Although the statute uses the term “minor”, this term has been interpreted to mean any person under the legal drinking age of 21 (See: Rogers v. Alvas 160 Cal.App.3d 997).   Therefore, if any bar, restaurant, night club, hotel, country club, lounge, concert venues, stadiums or any other establishment that has a liquor license issued by the State of California serves anyone under 21 who shows signs of intoxication at the time they are given a drink, they can be held responsible for a civil action for personal injury or wrongful death if that drunken individual later maims or kills another person.
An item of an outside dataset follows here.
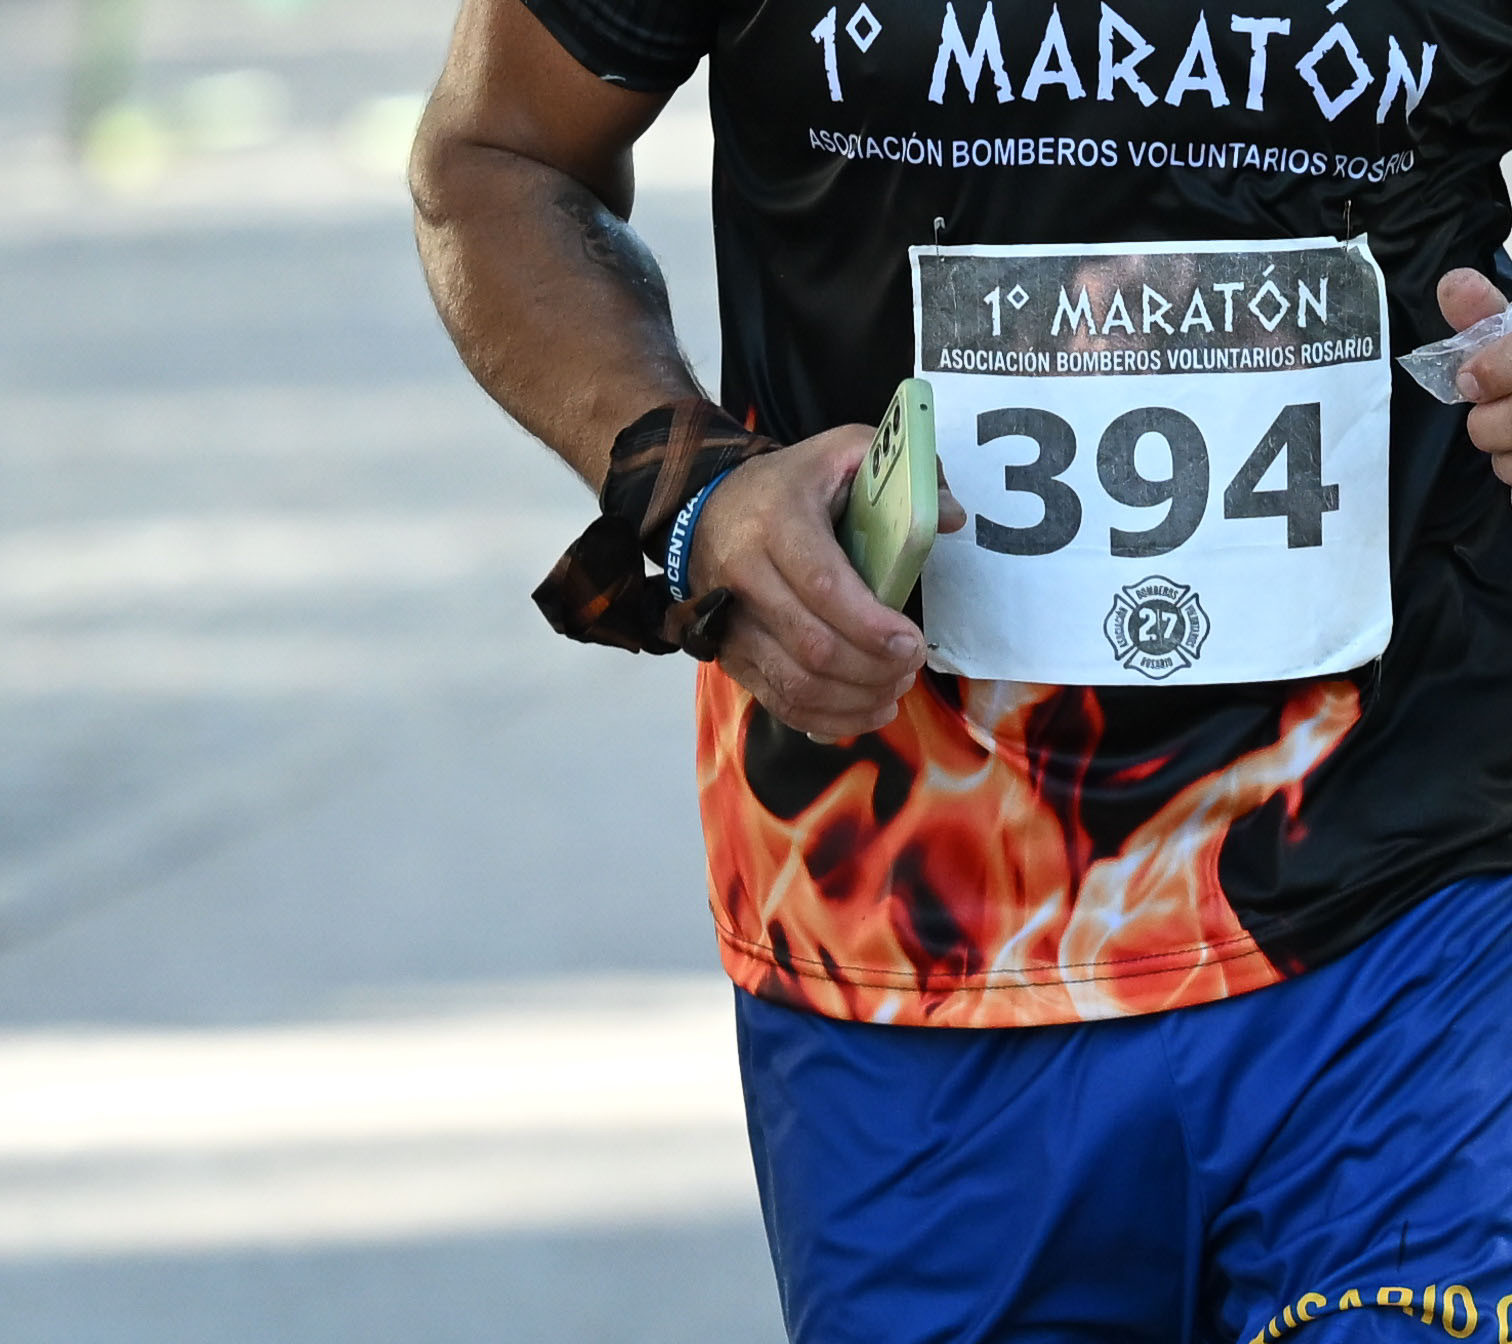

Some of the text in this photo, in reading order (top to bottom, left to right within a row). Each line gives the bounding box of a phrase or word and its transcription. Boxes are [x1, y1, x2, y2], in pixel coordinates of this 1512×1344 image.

Whether the service of alcohol or a drunken minor results in a drunk driving car crash or a bar room brawl, it is critically important to consult with a California attorney familiar with these laws promptly following a resulting injury or death.  Early investigation and retention of experts to analyze the facts leading up to the incident can mean the difference between only being able to recover from the drinker or his auto insurance policy and being able to hold the bar or restaurant on the hook through their commercial insurance policy, which usually has a much higher policy limit.  Proving an individual was “under age” is not difficult but, proving they were “obviously intoxicated” at the time they were served is much more difficult.  Experts such as forensic toxicologists can analyze the blood alcohol content of the drunk driver in connection with the time of alcohol service to extrapolate findings that would show that intoxication was likely at a given point in time when they were given beer or liquor by the bartender.  Likewise, there are professional experts who can provide opinions on the signs of “obvious intoxication” and what the standard should be for a bartender to cut that person off.  Analysis like this requires cold hard facts that can only come from sources such as eyewitness accounts of how a person appeared and was acting at the time they were being served up.  This type of evidence must be locked down by taking depositions of the bar hop, waiters, waitresses, managers and other patrons and be interviewing other witnesses.  Likewise, subpoenas can be issued to require a turn over of criminal records such as toxicology reports related to any DUI arrests.  This type of detailed leg work can only be performed by a quality personal injury law firm with the resources and wherewithal to execute prompt and thorough discovery.